The 16S rDNA of 13 arsenic-resistant isolates was amplified using the primers 341F and 928R, resulting in a characteristic single band of about 560 bp. Results indicated that the 13 arsenic-reducing isolates could be separated into three primary groups based on partial 16S rDNA sequence analysis (data not shown). Ten isolates belonged to cluster I with similarities ranging from 57 to 99 %. Cluster II contained one isolate (MC197) and cluster III contained two isolates, MC010 and MC204, showing 91 % similarity. Moreover, all isolated bacteria were identified using phylogenetic analysis of their nearest bacterial relatives. The isolates were assigned to six bacterial species belonging to three genera.
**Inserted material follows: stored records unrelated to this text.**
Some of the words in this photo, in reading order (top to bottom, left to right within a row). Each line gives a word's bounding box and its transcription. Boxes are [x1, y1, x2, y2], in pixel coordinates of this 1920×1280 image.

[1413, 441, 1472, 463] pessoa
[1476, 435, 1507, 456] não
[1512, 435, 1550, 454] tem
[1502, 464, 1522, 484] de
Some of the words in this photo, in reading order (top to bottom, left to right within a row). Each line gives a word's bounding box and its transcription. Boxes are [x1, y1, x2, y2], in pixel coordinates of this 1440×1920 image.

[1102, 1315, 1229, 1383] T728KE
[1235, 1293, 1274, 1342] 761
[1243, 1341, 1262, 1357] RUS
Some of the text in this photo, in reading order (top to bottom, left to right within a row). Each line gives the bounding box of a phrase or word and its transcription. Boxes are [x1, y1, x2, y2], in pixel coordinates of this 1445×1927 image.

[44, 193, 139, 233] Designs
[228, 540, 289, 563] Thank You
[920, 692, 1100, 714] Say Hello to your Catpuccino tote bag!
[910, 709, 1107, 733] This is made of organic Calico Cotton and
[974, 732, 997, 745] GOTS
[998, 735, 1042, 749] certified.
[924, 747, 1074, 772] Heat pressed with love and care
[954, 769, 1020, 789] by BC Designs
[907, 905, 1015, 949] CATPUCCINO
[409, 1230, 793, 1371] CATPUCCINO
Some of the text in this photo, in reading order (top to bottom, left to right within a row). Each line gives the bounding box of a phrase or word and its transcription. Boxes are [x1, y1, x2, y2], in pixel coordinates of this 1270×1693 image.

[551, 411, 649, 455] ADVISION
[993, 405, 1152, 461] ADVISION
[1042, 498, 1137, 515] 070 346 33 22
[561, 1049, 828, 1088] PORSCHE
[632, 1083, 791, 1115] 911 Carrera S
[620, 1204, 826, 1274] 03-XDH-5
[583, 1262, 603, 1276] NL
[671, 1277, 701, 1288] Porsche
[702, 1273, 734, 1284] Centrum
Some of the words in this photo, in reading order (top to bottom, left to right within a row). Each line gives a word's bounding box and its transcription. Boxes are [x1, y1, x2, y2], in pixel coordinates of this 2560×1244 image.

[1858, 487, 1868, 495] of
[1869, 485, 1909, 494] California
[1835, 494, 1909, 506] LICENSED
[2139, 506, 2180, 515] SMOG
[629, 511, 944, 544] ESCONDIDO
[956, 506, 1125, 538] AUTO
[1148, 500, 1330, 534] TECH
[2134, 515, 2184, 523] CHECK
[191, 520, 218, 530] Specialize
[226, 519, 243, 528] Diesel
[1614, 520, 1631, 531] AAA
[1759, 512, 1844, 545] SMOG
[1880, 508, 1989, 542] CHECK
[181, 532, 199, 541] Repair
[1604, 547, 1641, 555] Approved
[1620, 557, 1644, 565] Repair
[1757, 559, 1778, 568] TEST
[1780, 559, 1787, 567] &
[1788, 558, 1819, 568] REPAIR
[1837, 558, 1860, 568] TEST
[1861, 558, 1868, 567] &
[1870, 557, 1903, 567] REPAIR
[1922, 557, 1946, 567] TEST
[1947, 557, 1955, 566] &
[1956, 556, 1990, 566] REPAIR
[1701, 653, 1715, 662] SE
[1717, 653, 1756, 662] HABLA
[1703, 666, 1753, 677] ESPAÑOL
All identified bacterial isolates were associated with Firmicutes and Proteobacteria (Fig. 2). Most isolates belonged to the genus Bacillus (sequence similarity 83 %), except for MC010, MC197, and MC204. In contrast, 16S rDNA sequence analysis showed that MC010 and MC204 were most closely related to Enterobacter cloacae, with 80 % sequence identity, and isolate MC197 belonged to the genus Ochrobactrum, with 99 % sequence identity. However, the genus Bacillus, and the γ-Proteobacteria have evolved strong resistance mechanisms supported by arsenate reduction (Anderson and Cook 2004; Matlakowska et al. 2008; Salam et al. 2009). While members of genera Exiguobacterium, Aeromonas, Bacillus, Pseudomonas, Escherichia, Acinetobacter, and γ-Proteobacteria, Actinobacteria, and Flavobacteria have been previously reported to evolve strong resistance mechanisms supported by arsenate reduction, none of these bacteria can utilize arsenite or arsenate in respiratory processes (Anderson and Cook 2004; Matlakowska et al. 2008; Salam et al. 2009).

Fig. 2
figure 2

Phylogenetic tree of 13 of arsenate-reducing bacteria and related taxa based on a combined sequence analysis of partial 16S rDNA genes. The scale bar represents 0.02 substitutions per 100 nucleotides within the16S rDNA sequence, at least 100 iterations were used for bootstrap analysis

The present work indicates the possibility of isolating a relatively large number phylogenetically different arsenate-reducing bacteria from Thai soils. It also showed that bacteria capable of arsenate reduction might be used as candidates for arsenic remediation in arsenic-contaminated sites. This will have great use in Thailand and other counties as excessive dumping and use of arsenic has contaminated many soils and has created health concerns.